Seulement il consent de passer ses armes à Patrocle son ami intime. Apollon, lui-même avoit conduit la flèche. Il fut enlevé par Diomède et Ulysse. Comme il expiroit, Thisbé le vit en cet état, et se doutant bien de la causé cougar nue photo sa mort, elle se perça de la même épée.

Les mûres qui étoient blanches devinrent rouges, et conservèrent toujours depuis cette couleur. Jupiter et Mercure voyagèrent dans la Phrygie sous une forme humaine. Pygmalion, selon plusieurs Auteurs, étoit roi de Tyr, et frère de Didon. Il en devint éperdument amoureux.

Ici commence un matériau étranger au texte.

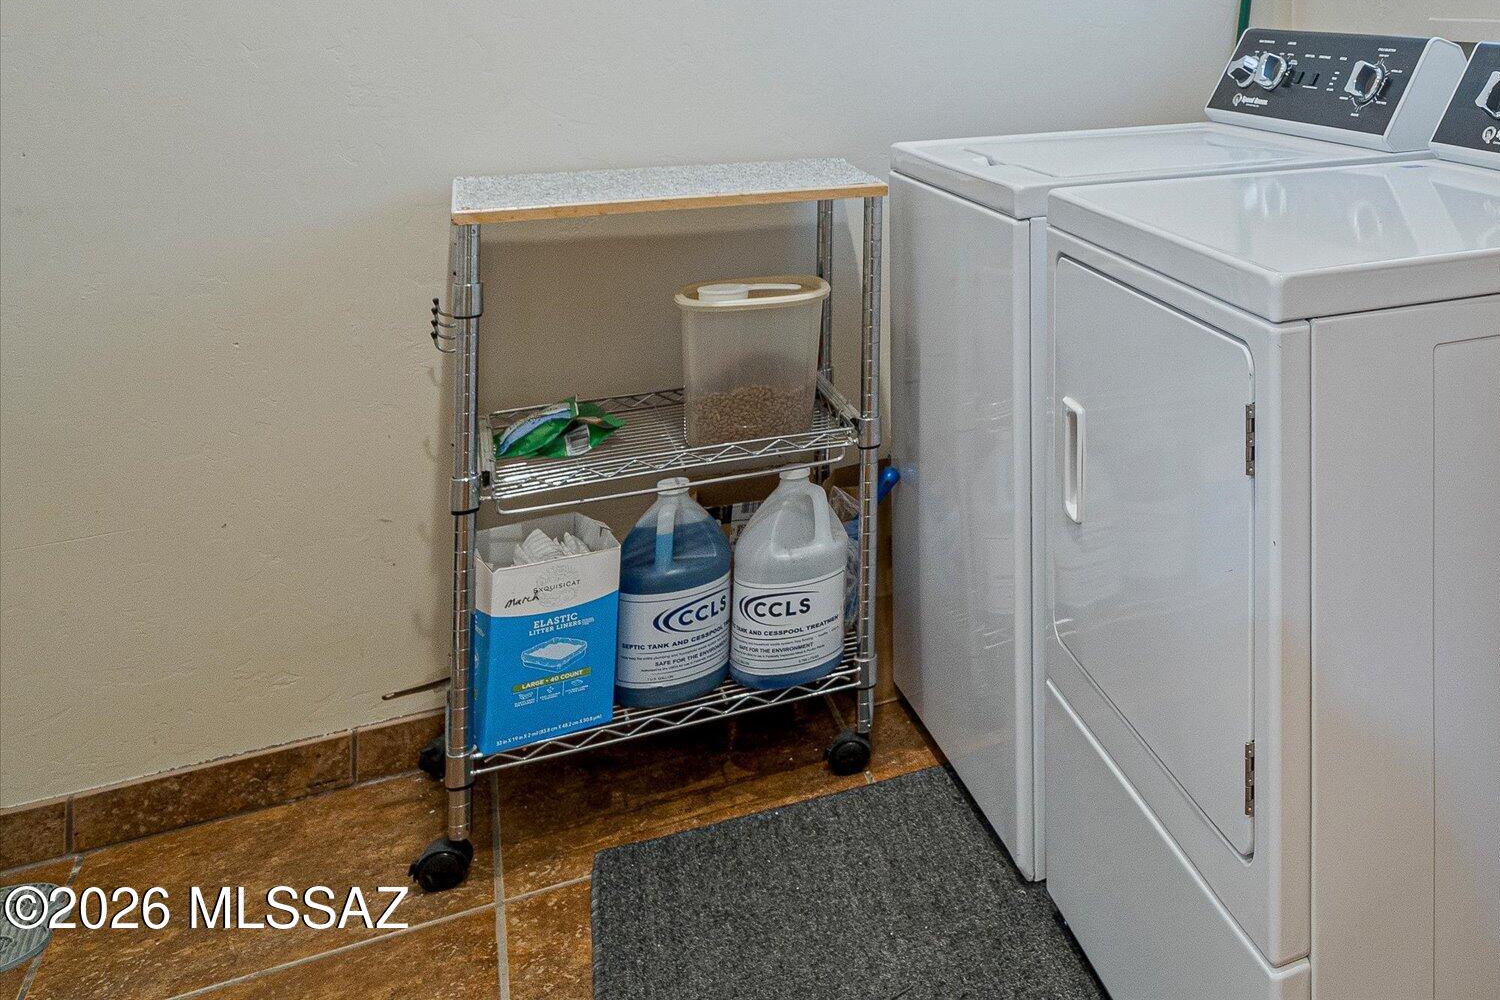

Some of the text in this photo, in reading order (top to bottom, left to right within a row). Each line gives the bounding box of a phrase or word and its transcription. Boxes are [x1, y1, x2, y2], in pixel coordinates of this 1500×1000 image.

[678, 595, 727, 626] CCLS
[754, 598, 811, 617] CCLS
[528, 625, 554, 636] LITTER
[556, 619, 582, 630] LINERS
[533, 612, 578, 630] ELASTIC
[621, 643, 646, 651] SEPTIC
[647, 642, 669, 650] TANK
[672, 639, 689, 647] AND
[691, 625, 723, 642] CESSPOOL
[763, 627, 804, 637] CESSPOOL
[771, 641, 814, 653] ENVIRONMENT
[521, 679, 544, 690] LARGE
[560, 669, 584, 680] COUNT
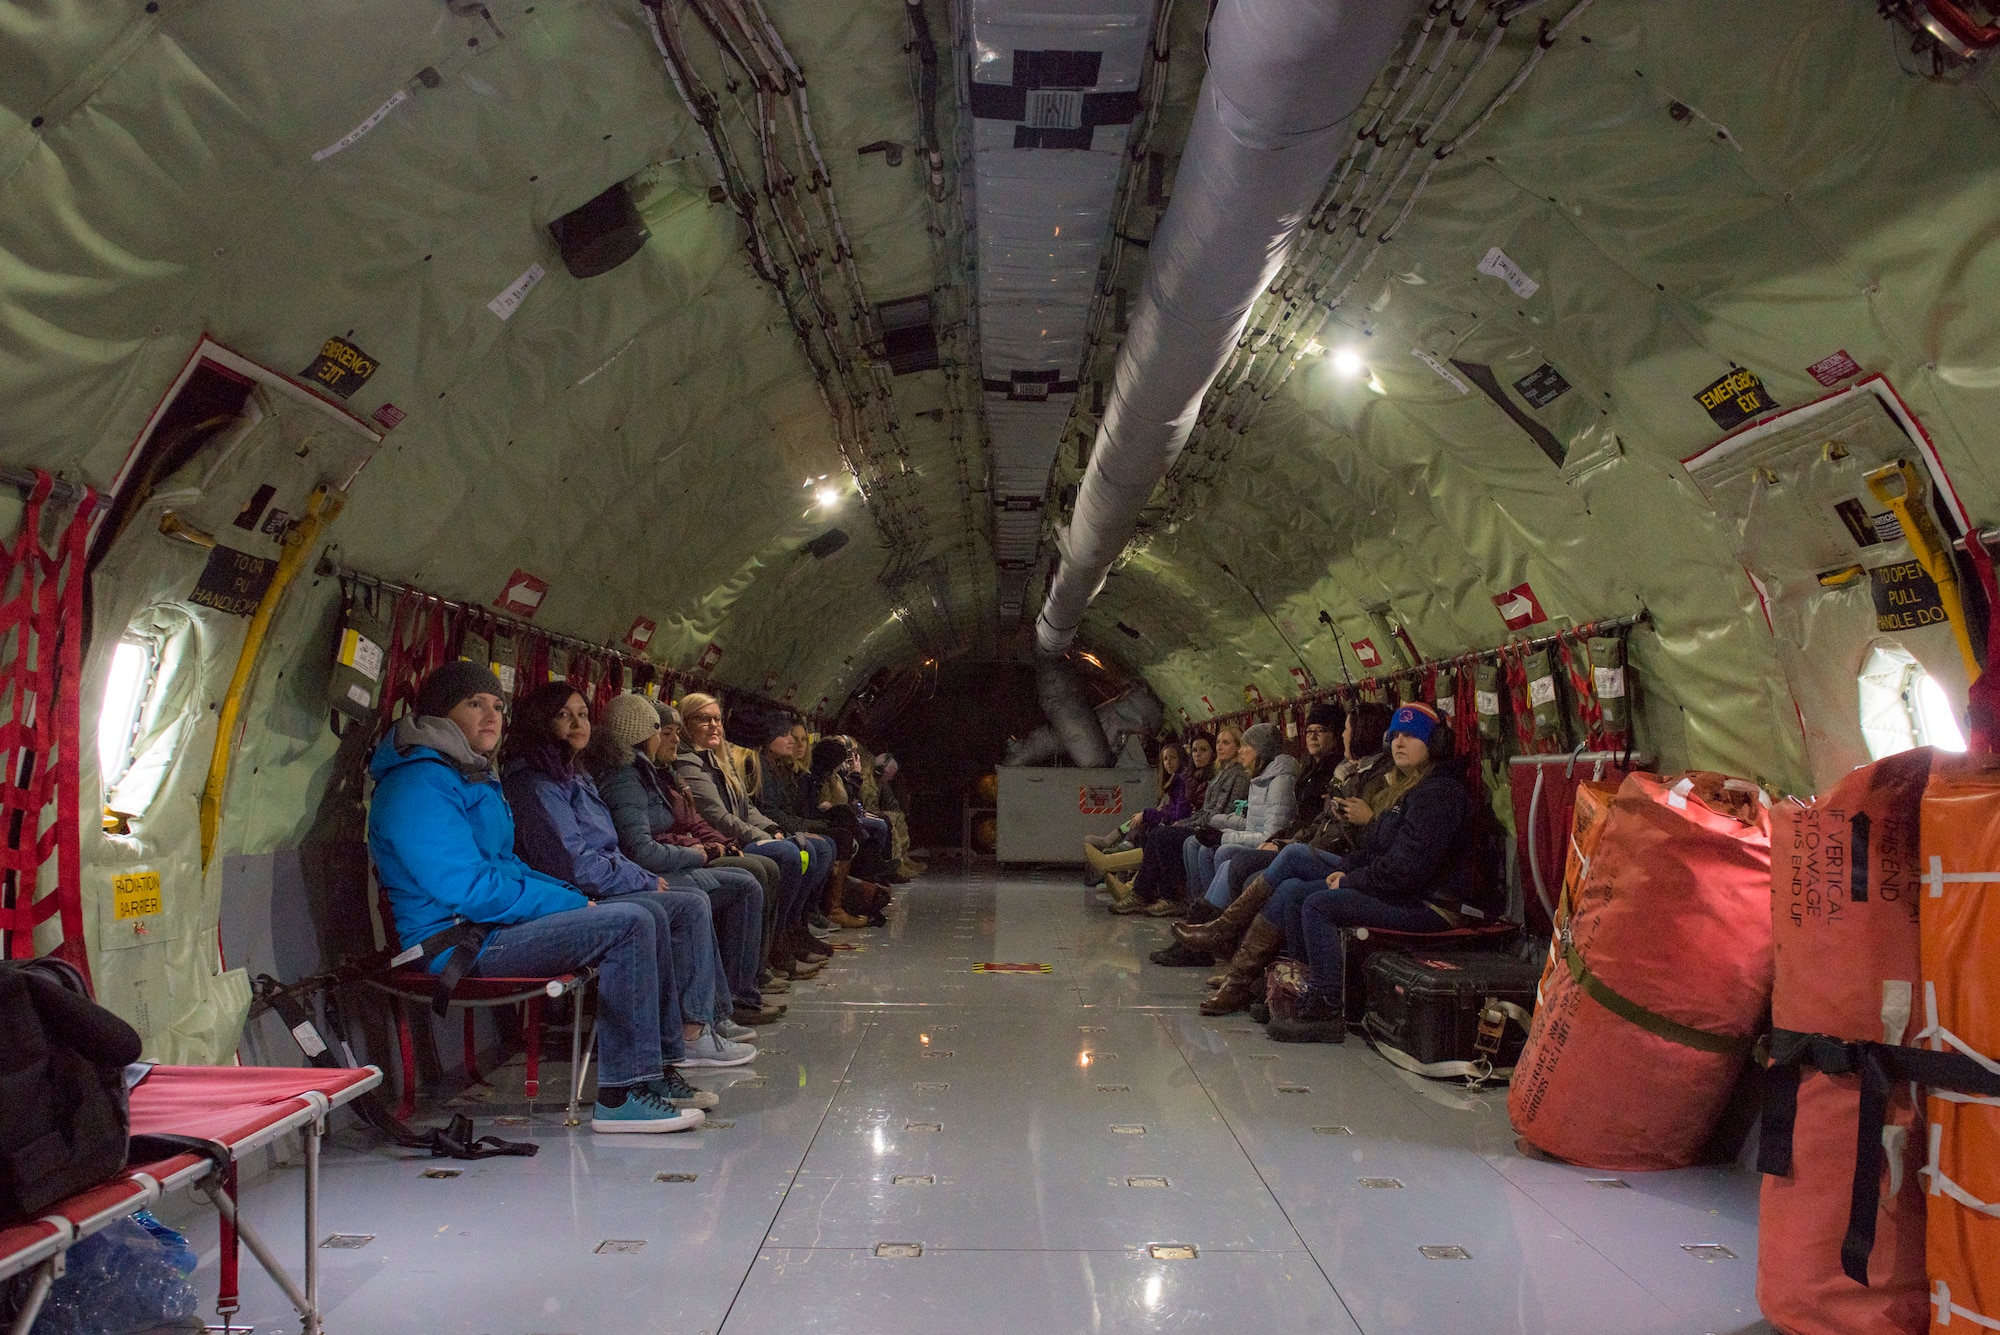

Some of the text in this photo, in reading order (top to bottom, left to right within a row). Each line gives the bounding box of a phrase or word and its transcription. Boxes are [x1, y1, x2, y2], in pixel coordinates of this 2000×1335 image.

[1888, 588, 1922, 605] PULL
[1790, 811, 1803, 927] THIS END UP
[1804, 809, 1821, 917] STOWAGE
[1825, 809, 1845, 925] IF VERTICAL
[1880, 858, 1899, 902] END

Il fit mille extravagances pour cette statue. Il épousa sa statue, dont il eut Paphus, qui bâtit la ville de Paphos. Adonis, eole le porta aux nues, fils de Myrrha, fut aimé tendrement de Vénus. Fin des Leçons élémentaires sur la Mythologie. Les animaux, les arbres, etc. Tous, et particulièrement les jeunes gens, y trouveront des leçons utiles. Le mauvais exemple détruiroit les meilleures leçons. Eole le porta aux nues la réponse de celle-ci.

Un bon exemple est le germe de mille bonnes actions. Otez les soins et la culture, les enfans les plus heureusement nés dégénèrent, et souvent se perdent pour jamais.

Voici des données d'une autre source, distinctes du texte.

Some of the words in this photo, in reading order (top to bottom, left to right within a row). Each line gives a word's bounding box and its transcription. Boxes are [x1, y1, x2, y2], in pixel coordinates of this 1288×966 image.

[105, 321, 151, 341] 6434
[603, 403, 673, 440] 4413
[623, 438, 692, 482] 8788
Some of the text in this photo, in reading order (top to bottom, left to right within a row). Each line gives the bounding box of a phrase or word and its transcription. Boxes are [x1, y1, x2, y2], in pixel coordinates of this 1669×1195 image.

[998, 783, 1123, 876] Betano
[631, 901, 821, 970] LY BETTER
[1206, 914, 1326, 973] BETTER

Toujours avec discrétion et dans le calme des sens. Dans vos réprimandes, montrez-vous toujours, pères et mères, les amis plutôt que les maîtres de vos enfans. Sur-tout que vos corrections soient justes et jamais à contre-temps. Qui ne sent tout le ridicule de cette réprimande déplacée? Les connoissances inspirent les goûts sérieux et solides, écartent les amusemens frivoles, attachent aux devoirs domestiques.

La Font. La Fable du Bouc imprudent est une trop fidèle image de la jeunesse étourdie, inconsidérée, qui se laisse entraîner si légèrement dans les folies les plus pernicieuses. Evitez avec soin toutes les personnes peu exemplaires. Ils sont les ennemis les plus dangereux de ceux qui les écoutent.

Tous deux dorment profondément. Il se lève en sursaut, prend son épée, vole à son secours.

COMMENT AVOIR LA CHANCE EN AMOUR

Elles doivent le considérer comme la passion la plus redoutable et la plus dangereuse. Les plus grands génies en ont souvent fait la triste expérience. Le mérite seul peut donner du prix à la beauté. La vertu et les talens ne vieillissent pas. On ne doit donc jamais se laisser prendre aux apparences. De ce choix, bien ou mal fait, dépend le bonheur ou le malheur des jours.

Les jeunes personnes doivent avant tout invoquer les lumières du ciel pour les conduire et les éclairer dans ce choix.